During the morning of 17 November 2024, Russia launched a massive air attack on cities across Ukraine, killing two people in Mykolaiv, two in Nikopol, two in Odesa and one person in Lviv. According to the Ukrainian President Volodymyr Zelenskyy, about 120 missiles and 90 drones were fired overnight and in the early morning. The strikes targeted Ukraine's energy grid in an effort to disrupt power supply during the upcoming winter. It was the biggest Russian aerial attack on Ukraine since August 2024 with reports of attacks on the critical infrastructure of Lviv Oblast, Ivano-Frankivsk Oblast and Rivne Oblast in Western Ukraine as well as on the cities of Kryvyi Rih, Vinnytsia, Odesa and Kyiv.

In the evening, a Russian missile struck a nine-story residential building in Sumy, killing 11 people including two children. 89 more people were injured.

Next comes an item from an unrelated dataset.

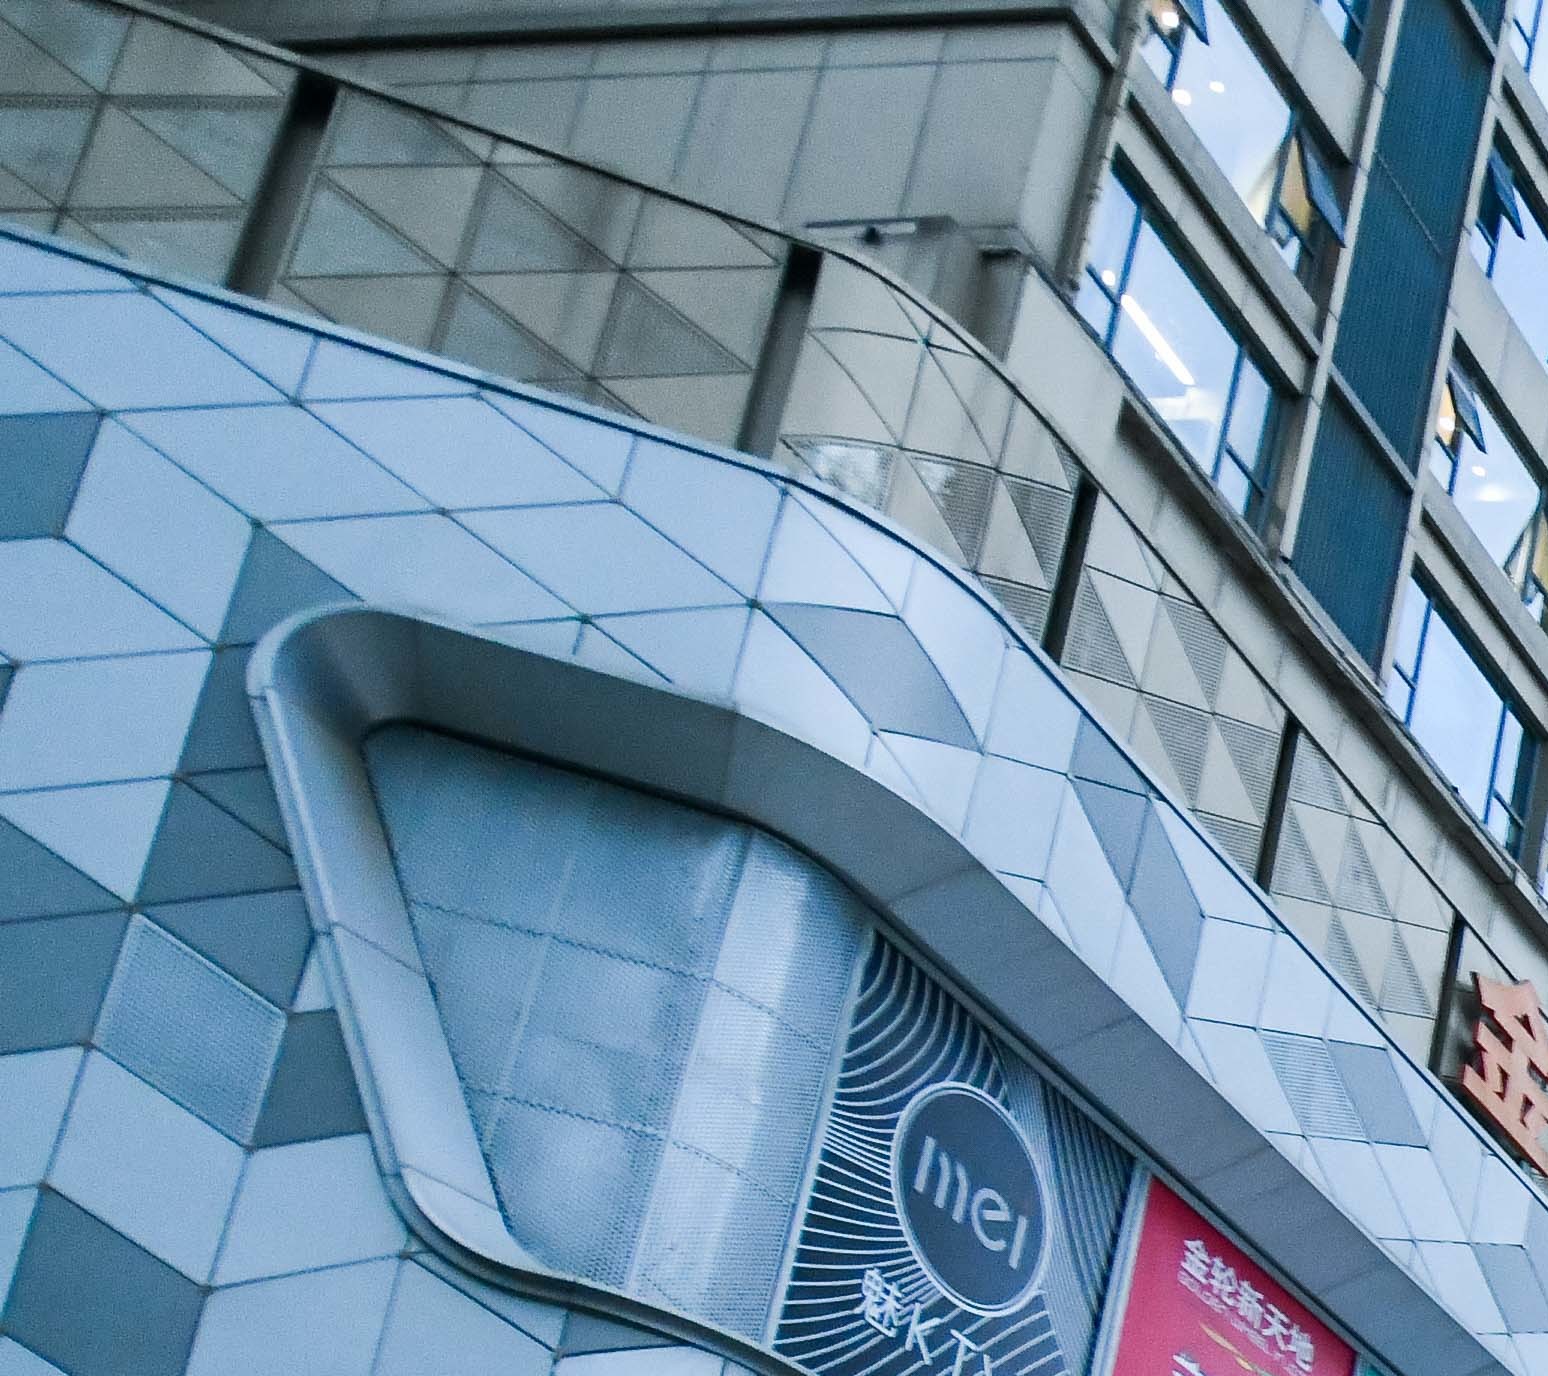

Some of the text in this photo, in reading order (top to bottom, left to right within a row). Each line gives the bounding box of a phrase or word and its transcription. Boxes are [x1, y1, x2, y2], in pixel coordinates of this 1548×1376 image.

The Ukrainian Air Force claimed to have shot down 102 missiles and 42 drones.

==Strikes==
===Locations===

17 November 2024 Russian strikes on Ukraine
| Airstrike target | Damage information |
|---|---|
| Kremenchuk Hydroelectric Power Plant | The hydroelectric power plant was struck by at least one missile.^{[better source needed]} |
| Odesa | 2 killed, 1 injured. Water and power to the city were cut. |

===Timeline===
As a result of the Russian airstrikes, the Polish Air Force scrambled its fighter aircraft.